*REQUIRED ACTION*.
Leave the images aside and copy out the whole listing, exact to the word.

*MATERIAL FOR THIS EXERCISE*.
--*--
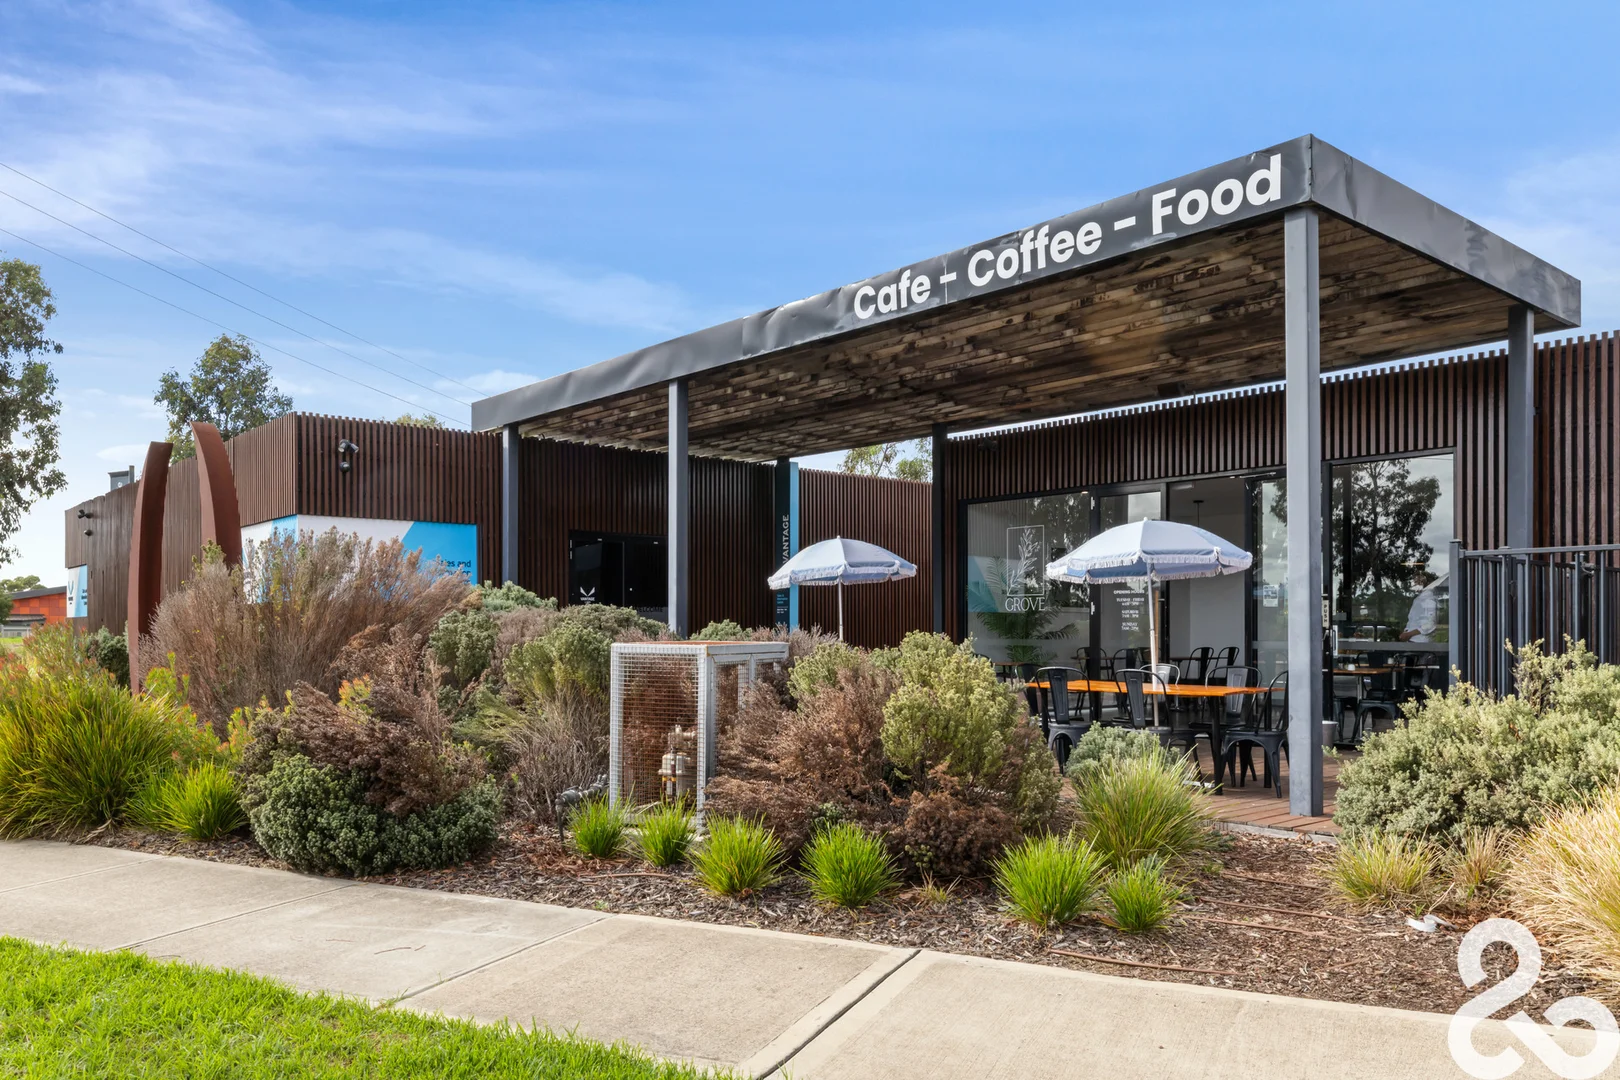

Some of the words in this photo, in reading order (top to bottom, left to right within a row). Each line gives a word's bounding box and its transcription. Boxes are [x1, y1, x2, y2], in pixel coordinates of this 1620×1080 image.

[853, 270, 930, 320] Cafe
[939, 271, 957, 285] -
[967, 221, 1102, 287] Coffee
[1113, 215, 1136, 231] -
[1151, 153, 1282, 236] Food
[1005, 597, 1046, 611] GROVE
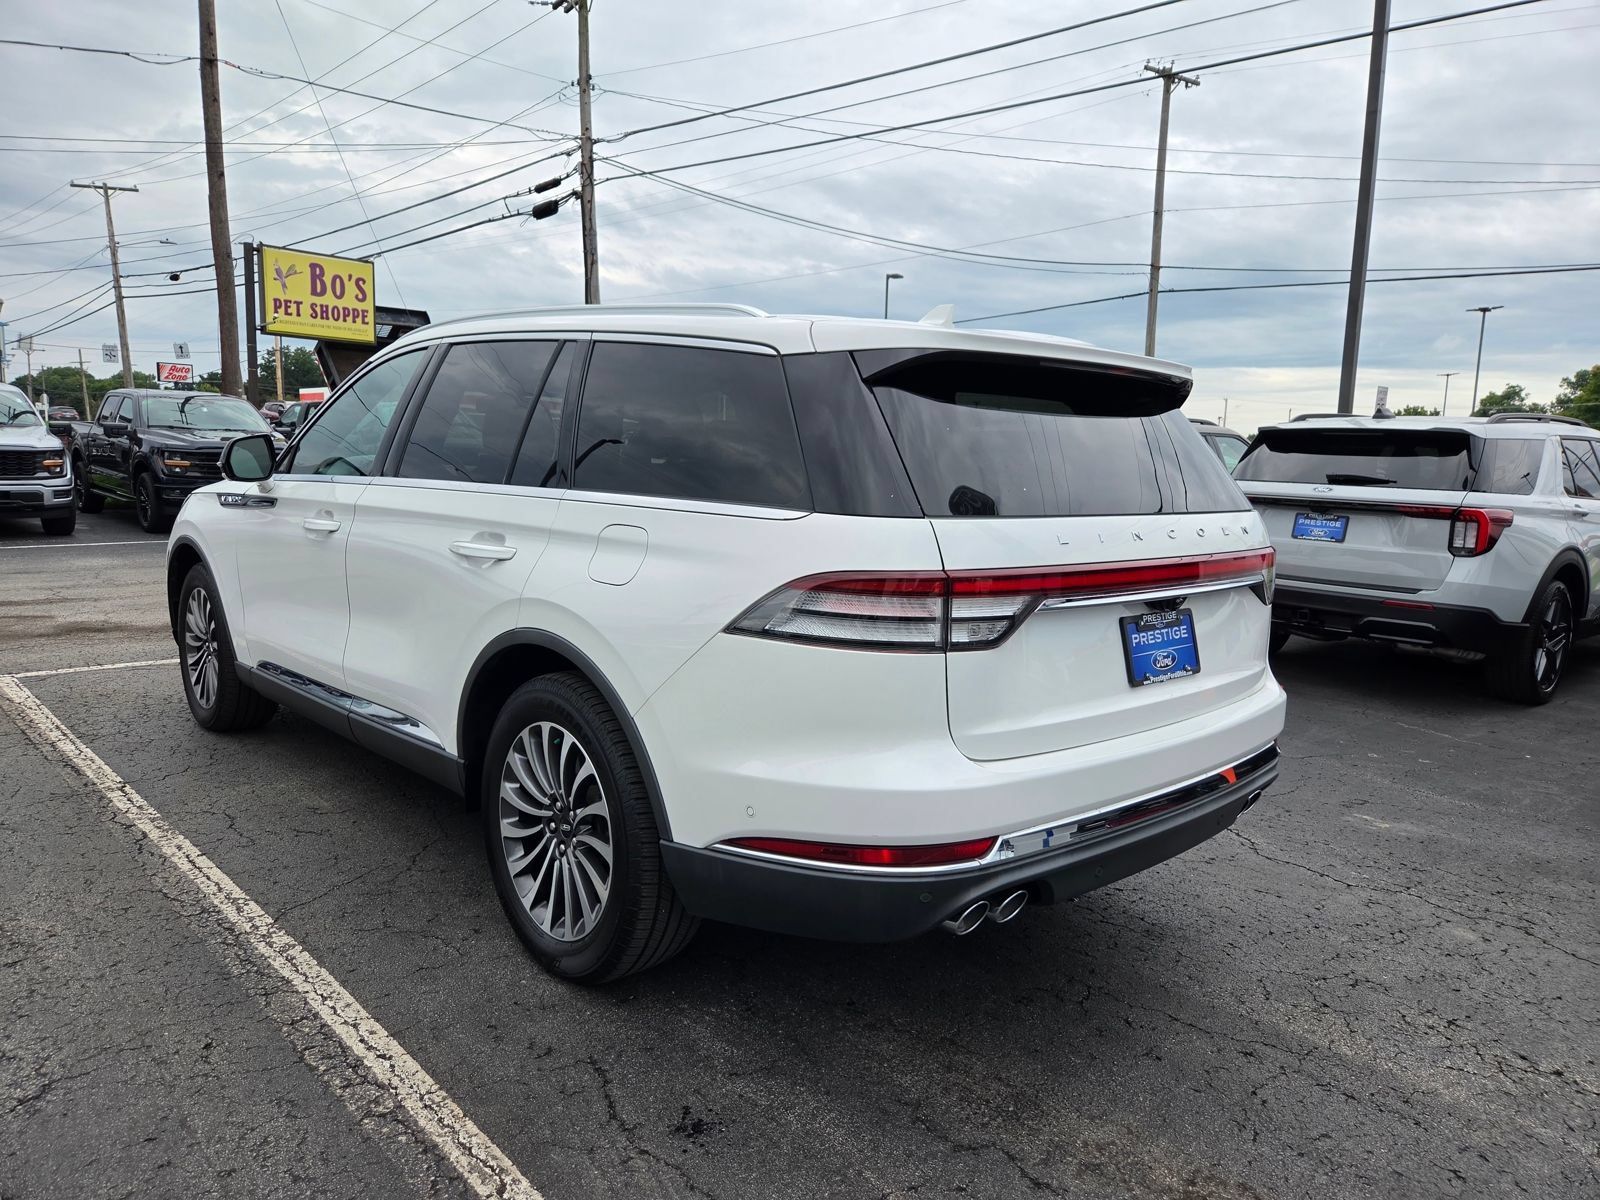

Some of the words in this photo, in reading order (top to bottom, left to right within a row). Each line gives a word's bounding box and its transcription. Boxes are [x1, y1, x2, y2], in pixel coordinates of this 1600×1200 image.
--*--
*SOLVED PROBLEM*.
Some of the words in this photo, in reading order (top to bottom, left to right within a row). Each line gives a word's bounding box and its transcription. Boxes are [x1, y1, x2, y2], in pixel coordinates of this 1620×1080 image.

[853, 270, 930, 320] Cafe
[939, 271, 957, 285] -
[967, 221, 1102, 287] Coffee
[1113, 215, 1136, 231] -
[1151, 153, 1282, 236] Food
[1005, 597, 1046, 611] GROVE

Some of the words in this photo, in reading order (top to bottom, left to right within a row). Each line gives a word's bounding box and its transcription. Boxes are [x1, y1, x2, y2], in pixel coordinates of this 1600×1200 image.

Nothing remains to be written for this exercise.